When is QAT (Quantization-Aware Training) better than PTQ?

QAT is clearly superior in two scenarios: (1) Extreme low-bit (INT3, INT2): PTQ has 5-10% MMLU loss, QAT reduces to 1-2%. (2) Severe quality regression (3%+ MMLU loss with PTQ): QAT can recover most of it. Gemma 3 QAT (Google 2025) achieved only 1.5% MMLU loss at INT4. Trade-off: QAT compute cost (1.5-2x full FT), training time + data needs. Practical: start with PTQ; if the quality threshold is not crossed, recover with a hybrid PTQ + QAT approach. Module 11 covers in detail.

Is Apple Silicon (M3 Max, M4 Max) sufficient for production LLM serving?

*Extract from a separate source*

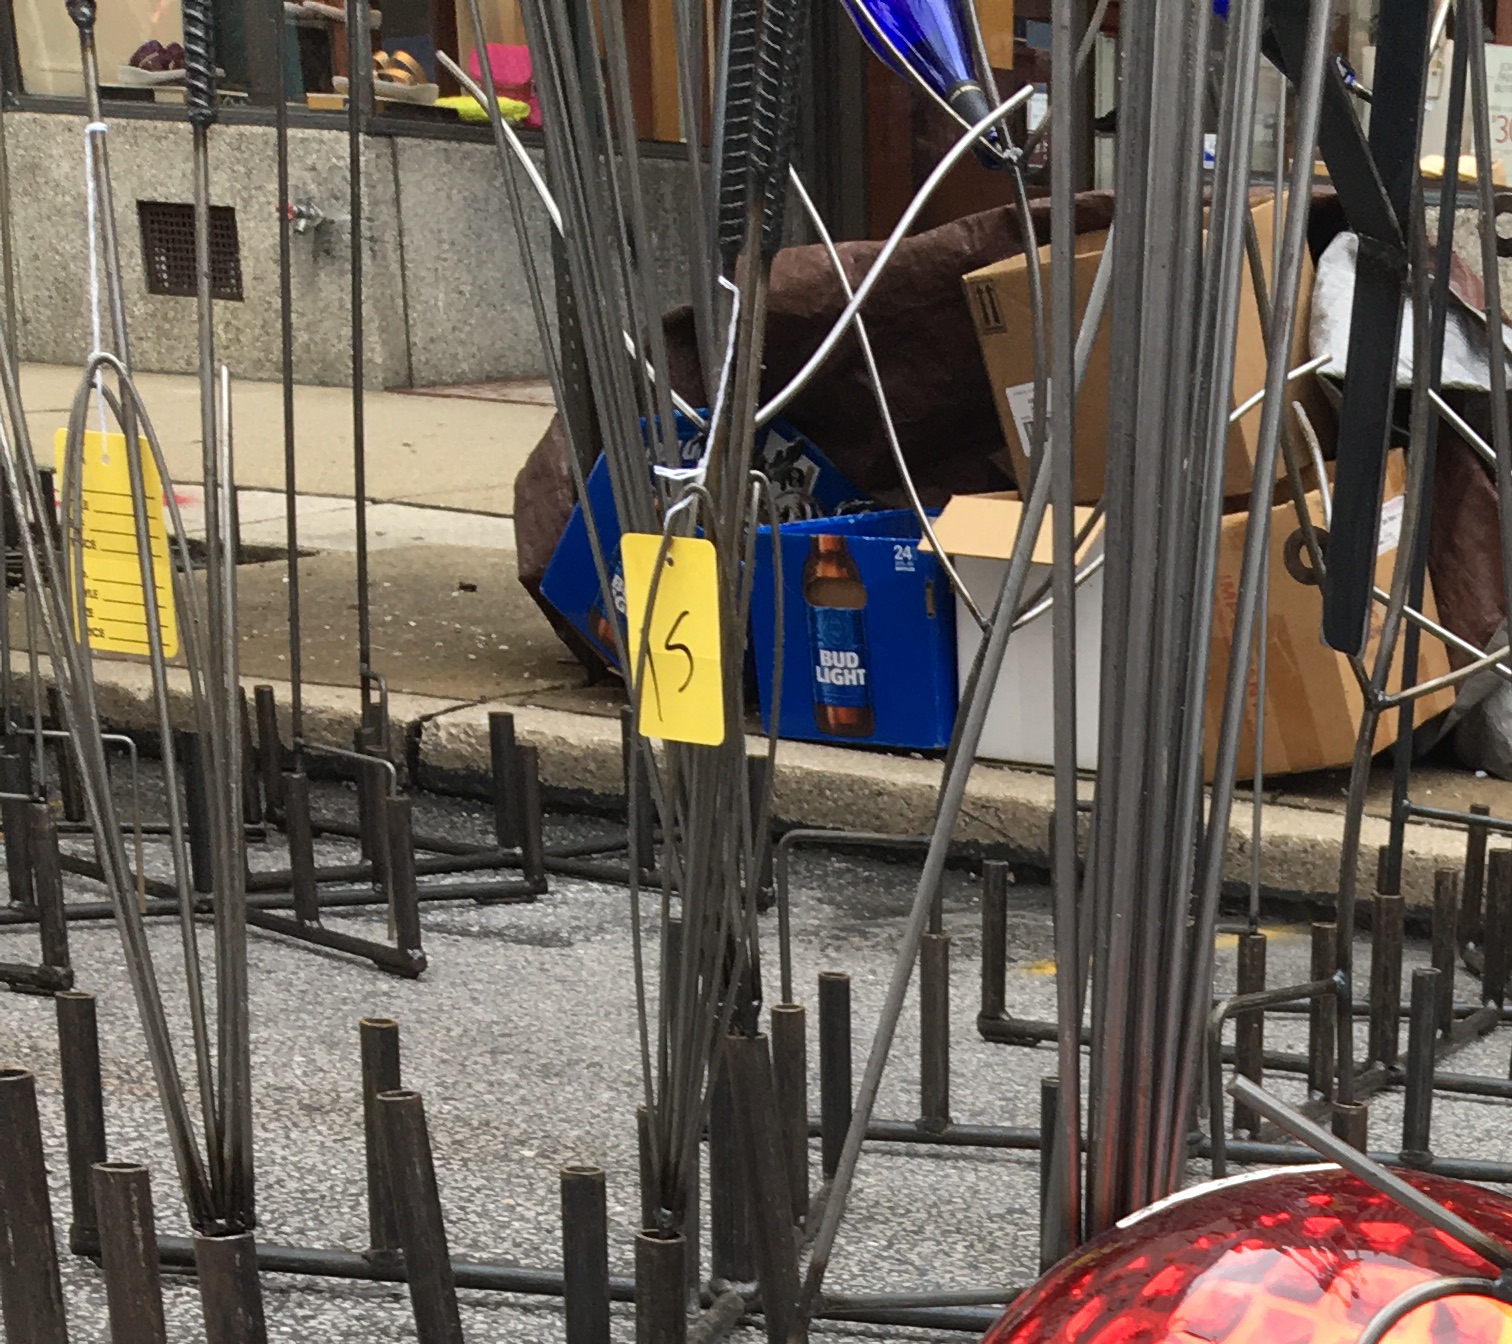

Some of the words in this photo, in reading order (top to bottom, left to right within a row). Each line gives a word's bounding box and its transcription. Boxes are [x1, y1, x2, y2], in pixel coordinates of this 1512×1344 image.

[894, 545, 912, 560] 24
[819, 650, 859, 668] BUD
[815, 666, 866, 685] LIGHT

Yes in certain scenarios, no in others. Sufficient for: single user / few concurrent (5-20 req/sec), 7B-70B GGUF Q4_K_M, 100-300ms tolerable latency, batch size 1-4. Insufficient for: high-throughput multi-tenant SaaS (1000+ concurrent), reasoning-model long-trace (32K+ context KV-cache memory is insufficient), production scaling (multi-GPU cluster required). Practical: prototype + small business + on-device privacy-aware deployment → Apple Silicon ideal; enterprise scale → H100/B200 cluster. M4 Max with 128GB RAM can run 70B GGUF Q6_K. Module 7.3 covers in detail.

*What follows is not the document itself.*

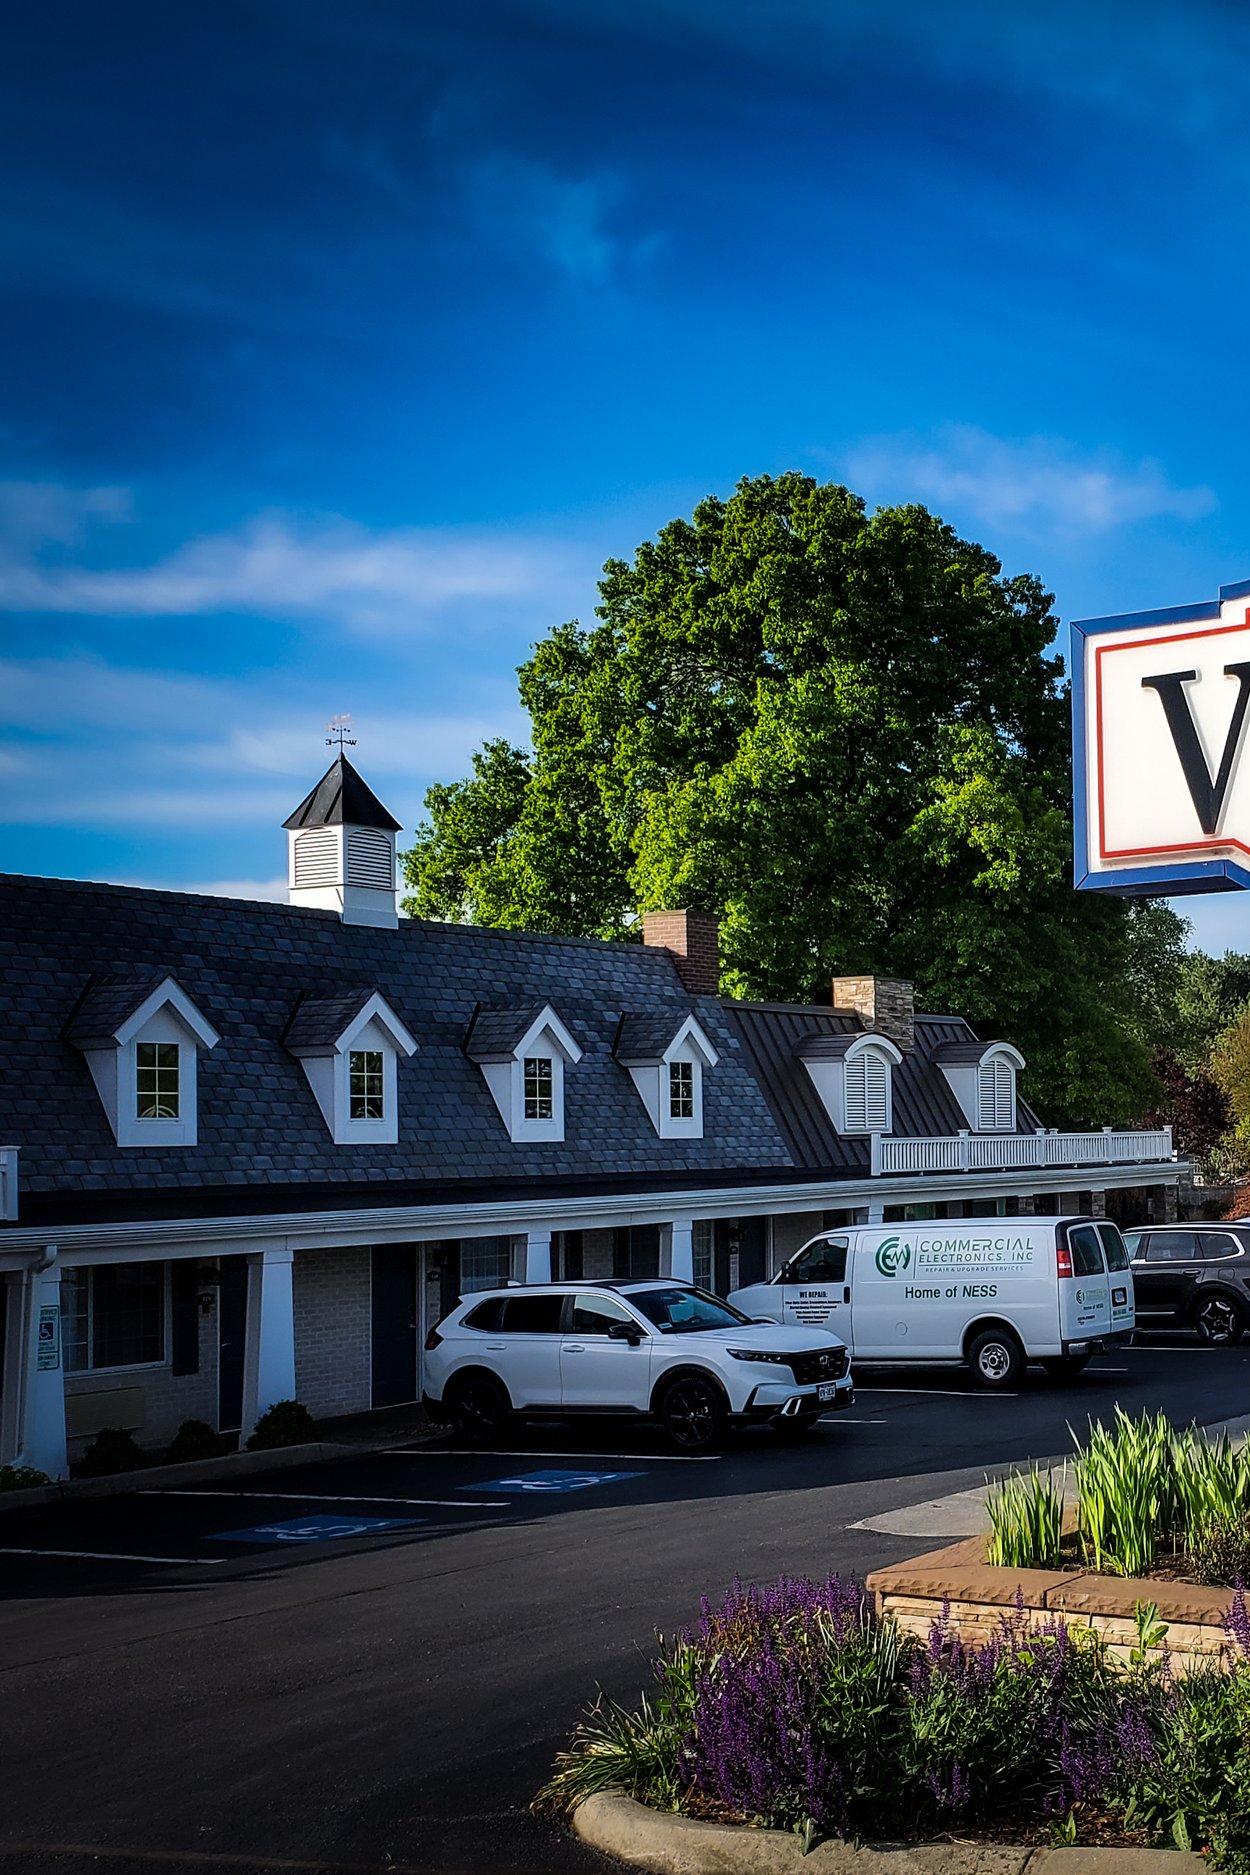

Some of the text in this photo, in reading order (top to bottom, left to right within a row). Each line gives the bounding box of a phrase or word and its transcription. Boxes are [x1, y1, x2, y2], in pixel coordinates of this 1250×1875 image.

[920, 1237, 1034, 1253] COMMERCIAL
[1012, 1252, 1033, 1261] INC
[905, 1284, 998, 1299] Home of NESS

What concrete artifacts will I have at the end of the training?

The following artifacts are produced in the capstone project: (1) a quantization pipeline tailored to your production scenario (Python codebase + YAML config); (2) quantized model checkpoint(s) (GPTQ, AWQ, GGUF, or AQLM); (3) a vLLM / TensorRT-LLM / llama.cpp serving template; (4) a KV-cache quantization config (for reasoning models); (5) an accuracy-validation report (MMLU + HumanEval + domain-benchmark regression); (6) a cost analysis (hourly GPU + $/M token + alternative hardware comparison); (7) a quality threshold + A/B-test framework template; (8) a 90-day production deployment roadmap.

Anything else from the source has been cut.